● About this exercise
Please return each line of the listing below exactly as written.
[[ Exercise materials open ]]
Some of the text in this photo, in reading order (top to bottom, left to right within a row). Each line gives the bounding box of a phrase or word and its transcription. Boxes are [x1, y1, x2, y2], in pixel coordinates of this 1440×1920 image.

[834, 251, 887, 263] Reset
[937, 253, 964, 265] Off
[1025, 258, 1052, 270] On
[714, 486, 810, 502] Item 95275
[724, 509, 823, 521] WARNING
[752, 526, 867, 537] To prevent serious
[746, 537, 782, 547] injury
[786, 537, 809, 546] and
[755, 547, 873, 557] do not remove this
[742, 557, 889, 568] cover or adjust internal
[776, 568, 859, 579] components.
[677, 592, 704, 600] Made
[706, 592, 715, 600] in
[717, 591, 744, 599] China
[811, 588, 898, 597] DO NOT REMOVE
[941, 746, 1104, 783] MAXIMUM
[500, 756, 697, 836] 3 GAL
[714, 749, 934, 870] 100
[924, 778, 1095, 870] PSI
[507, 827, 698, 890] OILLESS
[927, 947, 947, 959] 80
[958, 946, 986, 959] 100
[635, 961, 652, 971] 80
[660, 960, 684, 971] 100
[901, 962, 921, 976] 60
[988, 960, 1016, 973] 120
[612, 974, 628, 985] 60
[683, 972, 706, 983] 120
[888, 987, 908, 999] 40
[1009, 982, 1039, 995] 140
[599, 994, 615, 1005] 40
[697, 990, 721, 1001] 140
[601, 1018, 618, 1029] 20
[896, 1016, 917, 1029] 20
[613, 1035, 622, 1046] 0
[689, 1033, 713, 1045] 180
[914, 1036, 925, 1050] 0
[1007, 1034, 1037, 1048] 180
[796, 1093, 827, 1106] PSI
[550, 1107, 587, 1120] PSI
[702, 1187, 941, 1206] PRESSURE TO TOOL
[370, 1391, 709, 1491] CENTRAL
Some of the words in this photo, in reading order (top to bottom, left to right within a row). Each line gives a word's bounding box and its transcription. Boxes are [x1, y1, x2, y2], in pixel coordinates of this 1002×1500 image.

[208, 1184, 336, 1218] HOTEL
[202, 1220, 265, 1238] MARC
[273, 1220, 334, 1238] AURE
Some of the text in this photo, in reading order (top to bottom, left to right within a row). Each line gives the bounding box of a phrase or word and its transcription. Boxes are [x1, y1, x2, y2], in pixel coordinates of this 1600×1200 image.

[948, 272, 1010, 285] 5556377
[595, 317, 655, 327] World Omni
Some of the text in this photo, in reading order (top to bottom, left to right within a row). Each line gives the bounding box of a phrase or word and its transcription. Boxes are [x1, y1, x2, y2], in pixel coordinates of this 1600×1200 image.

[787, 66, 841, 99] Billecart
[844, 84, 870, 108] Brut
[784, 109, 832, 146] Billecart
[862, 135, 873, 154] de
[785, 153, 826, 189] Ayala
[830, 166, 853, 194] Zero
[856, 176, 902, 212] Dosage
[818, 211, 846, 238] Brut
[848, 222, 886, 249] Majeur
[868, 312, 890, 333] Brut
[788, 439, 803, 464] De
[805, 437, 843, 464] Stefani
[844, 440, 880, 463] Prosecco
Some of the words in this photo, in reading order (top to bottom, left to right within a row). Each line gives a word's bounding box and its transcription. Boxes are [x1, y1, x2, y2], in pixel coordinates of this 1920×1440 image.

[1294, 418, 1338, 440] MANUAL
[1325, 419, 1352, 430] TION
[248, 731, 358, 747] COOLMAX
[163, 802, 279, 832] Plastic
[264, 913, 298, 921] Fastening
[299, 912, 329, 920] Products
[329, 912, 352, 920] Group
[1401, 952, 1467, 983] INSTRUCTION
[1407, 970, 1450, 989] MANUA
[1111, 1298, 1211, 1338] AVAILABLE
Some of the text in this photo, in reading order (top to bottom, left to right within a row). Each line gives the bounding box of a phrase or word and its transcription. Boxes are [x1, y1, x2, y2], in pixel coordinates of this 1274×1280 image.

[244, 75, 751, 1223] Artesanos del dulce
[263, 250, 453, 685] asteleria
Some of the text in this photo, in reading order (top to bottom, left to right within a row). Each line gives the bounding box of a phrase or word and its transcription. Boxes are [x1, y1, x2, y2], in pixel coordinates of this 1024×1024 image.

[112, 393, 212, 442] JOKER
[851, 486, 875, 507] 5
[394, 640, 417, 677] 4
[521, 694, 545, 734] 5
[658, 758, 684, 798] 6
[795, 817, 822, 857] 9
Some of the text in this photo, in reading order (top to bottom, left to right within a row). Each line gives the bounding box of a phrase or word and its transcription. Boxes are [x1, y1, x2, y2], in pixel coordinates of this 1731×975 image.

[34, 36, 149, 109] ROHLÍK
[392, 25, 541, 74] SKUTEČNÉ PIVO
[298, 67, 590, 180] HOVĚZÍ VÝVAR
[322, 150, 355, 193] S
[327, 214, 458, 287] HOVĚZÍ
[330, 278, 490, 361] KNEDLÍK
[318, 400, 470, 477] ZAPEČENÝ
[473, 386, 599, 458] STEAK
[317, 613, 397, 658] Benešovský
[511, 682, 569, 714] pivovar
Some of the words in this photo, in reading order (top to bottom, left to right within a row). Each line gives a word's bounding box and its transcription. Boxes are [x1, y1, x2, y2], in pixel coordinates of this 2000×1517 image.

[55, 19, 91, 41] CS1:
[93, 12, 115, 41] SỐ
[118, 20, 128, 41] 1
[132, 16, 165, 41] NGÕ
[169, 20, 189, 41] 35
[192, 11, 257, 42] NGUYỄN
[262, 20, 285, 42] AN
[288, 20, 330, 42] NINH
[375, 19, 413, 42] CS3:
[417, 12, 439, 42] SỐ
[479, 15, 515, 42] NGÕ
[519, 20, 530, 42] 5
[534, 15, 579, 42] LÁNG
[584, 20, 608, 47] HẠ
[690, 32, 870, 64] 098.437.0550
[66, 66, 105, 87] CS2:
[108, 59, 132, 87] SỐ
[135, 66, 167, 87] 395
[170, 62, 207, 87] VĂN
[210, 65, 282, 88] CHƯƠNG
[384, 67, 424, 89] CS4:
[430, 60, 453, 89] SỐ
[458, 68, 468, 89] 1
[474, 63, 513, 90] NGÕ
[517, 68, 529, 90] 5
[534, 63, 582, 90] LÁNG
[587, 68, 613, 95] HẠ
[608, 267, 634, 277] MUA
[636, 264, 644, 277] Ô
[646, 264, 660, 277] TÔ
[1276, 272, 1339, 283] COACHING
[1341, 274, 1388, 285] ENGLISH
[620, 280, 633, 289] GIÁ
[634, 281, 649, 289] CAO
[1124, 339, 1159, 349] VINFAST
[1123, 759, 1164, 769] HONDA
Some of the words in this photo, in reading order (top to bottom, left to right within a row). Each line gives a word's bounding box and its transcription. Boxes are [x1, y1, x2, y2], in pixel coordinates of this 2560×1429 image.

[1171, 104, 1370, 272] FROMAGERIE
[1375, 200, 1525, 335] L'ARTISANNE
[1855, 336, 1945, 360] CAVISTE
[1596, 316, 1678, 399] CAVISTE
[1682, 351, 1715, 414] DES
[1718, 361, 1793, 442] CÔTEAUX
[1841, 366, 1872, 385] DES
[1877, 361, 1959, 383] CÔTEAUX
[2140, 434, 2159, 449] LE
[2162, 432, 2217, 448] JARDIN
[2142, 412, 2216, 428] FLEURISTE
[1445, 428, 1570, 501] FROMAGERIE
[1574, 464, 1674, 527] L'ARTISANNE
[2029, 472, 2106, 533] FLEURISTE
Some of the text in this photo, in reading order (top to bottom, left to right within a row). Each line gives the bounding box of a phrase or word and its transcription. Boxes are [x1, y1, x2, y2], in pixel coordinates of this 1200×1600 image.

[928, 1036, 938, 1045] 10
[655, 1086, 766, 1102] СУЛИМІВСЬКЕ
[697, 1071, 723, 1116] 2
[[ Exercise materials closed ]]
● Solution for this task
Some of the text in this photo, in reading order (top to bottom, left to right within a row). Each line gives the bounding box of a phrase or word and its transcription. Boxes are [x1, y1, x2, y2], in pixel coordinates of this 1440×1920 image.

[834, 251, 887, 263] Reset
[937, 253, 964, 265] Off
[1025, 258, 1052, 270] On
[714, 486, 810, 502] Item 95275
[724, 509, 823, 521] WARNING
[752, 526, 867, 537] To prevent serious
[746, 537, 782, 547] injury
[786, 537, 809, 546] and
[755, 547, 873, 557] do not remove this
[742, 557, 889, 568] cover or adjust internal
[776, 568, 859, 579] components.
[677, 592, 704, 600] Made
[706, 592, 715, 600] in
[717, 591, 744, 599] China
[811, 588, 898, 597] DO NOT REMOVE
[941, 746, 1104, 783] MAXIMUM
[500, 756, 697, 836] 3 GAL
[714, 749, 934, 870] 100
[924, 778, 1095, 870] PSI
[507, 827, 698, 890] OILLESS
[927, 947, 947, 959] 80
[958, 946, 986, 959] 100
[635, 961, 652, 971] 80
[660, 960, 684, 971] 100
[901, 962, 921, 976] 60
[988, 960, 1016, 973] 120
[612, 974, 628, 985] 60
[683, 972, 706, 983] 120
[888, 987, 908, 999] 40
[1009, 982, 1039, 995] 140
[599, 994, 615, 1005] 40
[697, 990, 721, 1001] 140
[601, 1018, 618, 1029] 20
[896, 1016, 917, 1029] 20
[613, 1035, 622, 1046] 0
[689, 1033, 713, 1045] 180
[914, 1036, 925, 1050] 0
[1007, 1034, 1037, 1048] 180
[796, 1093, 827, 1106] PSI
[550, 1107, 587, 1120] PSI
[702, 1187, 941, 1206] PRESSURE TO TOOL
[370, 1391, 709, 1491] CENTRAL
Some of the words in this photo, in reading order (top to bottom, left to right within a row). Each line gives a word's bounding box and its transcription. Boxes are [x1, y1, x2, y2], in pixel coordinates of this 1002×1500 image.

[208, 1184, 336, 1218] HOTEL
[202, 1220, 265, 1238] MARC
[273, 1220, 334, 1238] AURE
Some of the text in this photo, in reading order (top to bottom, left to right within a row). Each line gives the bounding box of a phrase or word and its transcription. Boxes are [x1, y1, x2, y2], in pixel coordinates of this 1600×1200 image.

[948, 272, 1010, 285] 5556377
[595, 317, 655, 327] World Omni
Some of the text in this photo, in reading order (top to bottom, left to right within a row). Each line gives the bounding box of a phrase or word and its transcription. Boxes are [x1, y1, x2, y2], in pixel coordinates of this 1600×1200 image.

[787, 66, 841, 99] Billecart
[844, 84, 870, 108] Brut
[784, 109, 832, 146] Billecart
[862, 135, 873, 154] de
[785, 153, 826, 189] Ayala
[830, 166, 853, 194] Zero
[856, 176, 902, 212] Dosage
[818, 211, 846, 238] Brut
[848, 222, 886, 249] Majeur
[868, 312, 890, 333] Brut
[788, 439, 803, 464] De
[805, 437, 843, 464] Stefani
[844, 440, 880, 463] Prosecco
Some of the words in this photo, in reading order (top to bottom, left to right within a row). Each line gives a word's bounding box and its transcription. Boxes are [x1, y1, x2, y2], in pixel coordinates of this 1920×1440 image.

[1294, 418, 1338, 440] MANUAL
[1325, 419, 1352, 430] TION
[248, 731, 358, 747] COOLMAX
[163, 802, 279, 832] Plastic
[264, 913, 298, 921] Fastening
[299, 912, 329, 920] Products
[329, 912, 352, 920] Group
[1401, 952, 1467, 983] INSTRUCTION
[1407, 970, 1450, 989] MANUA
[1111, 1298, 1211, 1338] AVAILABLE
Some of the text in this photo, in reading order (top to bottom, left to right within a row). Each line gives the bounding box of a phrase or word and its transcription. Boxes are [x1, y1, x2, y2], in pixel coordinates of this 1274×1280 image.

[244, 75, 751, 1223] Artesanos del dulce
[263, 250, 453, 685] asteleria
Some of the text in this photo, in reading order (top to bottom, left to right within a row). Each line gives the bounding box of a phrase or word and its transcription. Boxes are [x1, y1, x2, y2], in pixel coordinates of this 1024×1024 image.

[112, 393, 212, 442] JOKER
[851, 486, 875, 507] 5
[394, 640, 417, 677] 4
[521, 694, 545, 734] 5
[658, 758, 684, 798] 6
[795, 817, 822, 857] 9
Some of the text in this photo, in reading order (top to bottom, left to right within a row). Each line gives the bounding box of a phrase or word and its transcription. Boxes are [x1, y1, x2, y2], in pixel coordinates of this 1731×975 image.

[34, 36, 149, 109] ROHLÍK
[392, 25, 541, 74] SKUTEČNÉ PIVO
[298, 67, 590, 180] HOVĚZÍ VÝVAR
[322, 150, 355, 193] S
[327, 214, 458, 287] HOVĚZÍ
[330, 278, 490, 361] KNEDLÍK
[318, 400, 470, 477] ZAPEČENÝ
[473, 386, 599, 458] STEAK
[317, 613, 397, 658] Benešovský
[511, 682, 569, 714] pivovar
Some of the words in this photo, in reading order (top to bottom, left to right within a row). Each line gives a word's bounding box and its transcription. Boxes are [x1, y1, x2, y2], in pixel coordinates of this 2000×1517 image.

[55, 19, 91, 41] CS1:
[93, 12, 115, 41] SỐ
[118, 20, 128, 41] 1
[132, 16, 165, 41] NGÕ
[169, 20, 189, 41] 35
[192, 11, 257, 42] NGUYỄN
[262, 20, 285, 42] AN
[288, 20, 330, 42] NINH
[375, 19, 413, 42] CS3:
[417, 12, 439, 42] SỐ
[479, 15, 515, 42] NGÕ
[519, 20, 530, 42] 5
[534, 15, 579, 42] LÁNG
[584, 20, 608, 47] HẠ
[690, 32, 870, 64] 098.437.0550
[66, 66, 105, 87] CS2:
[108, 59, 132, 87] SỐ
[135, 66, 167, 87] 395
[170, 62, 207, 87] VĂN
[210, 65, 282, 88] CHƯƠNG
[384, 67, 424, 89] CS4:
[430, 60, 453, 89] SỐ
[458, 68, 468, 89] 1
[474, 63, 513, 90] NGÕ
[517, 68, 529, 90] 5
[534, 63, 582, 90] LÁNG
[587, 68, 613, 95] HẠ
[608, 267, 634, 277] MUA
[636, 264, 644, 277] Ô
[646, 264, 660, 277] TÔ
[1276, 272, 1339, 283] COACHING
[1341, 274, 1388, 285] ENGLISH
[620, 280, 633, 289] GIÁ
[634, 281, 649, 289] CAO
[1124, 339, 1159, 349] VINFAST
[1123, 759, 1164, 769] HONDA
Some of the words in this photo, in reading order (top to bottom, left to right within a row). Each line gives a word's bounding box and its transcription. Boxes are [x1, y1, x2, y2], in pixel coordinates of this 2560×1429 image.

[1171, 104, 1370, 272] FROMAGERIE
[1375, 200, 1525, 335] L'ARTISANNE
[1855, 336, 1945, 360] CAVISTE
[1596, 316, 1678, 399] CAVISTE
[1682, 351, 1715, 414] DES
[1718, 361, 1793, 442] CÔTEAUX
[1841, 366, 1872, 385] DES
[1877, 361, 1959, 383] CÔTEAUX
[2140, 434, 2159, 449] LE
[2162, 432, 2217, 448] JARDIN
[2142, 412, 2216, 428] FLEURISTE
[1445, 428, 1570, 501] FROMAGERIE
[1574, 464, 1674, 527] L'ARTISANNE
[2029, 472, 2106, 533] FLEURISTE
Some of the text in this photo, in reading order (top to bottom, left to right within a row). Each line gives the bounding box of a phrase or word and its transcription. Boxes are [x1, y1, x2, y2], in pixel coordinates of this 1200×1600 image.

[928, 1036, 938, 1045] 10
[655, 1086, 766, 1102] СУЛИМІВСЬКЕ
[697, 1071, 723, 1116] 2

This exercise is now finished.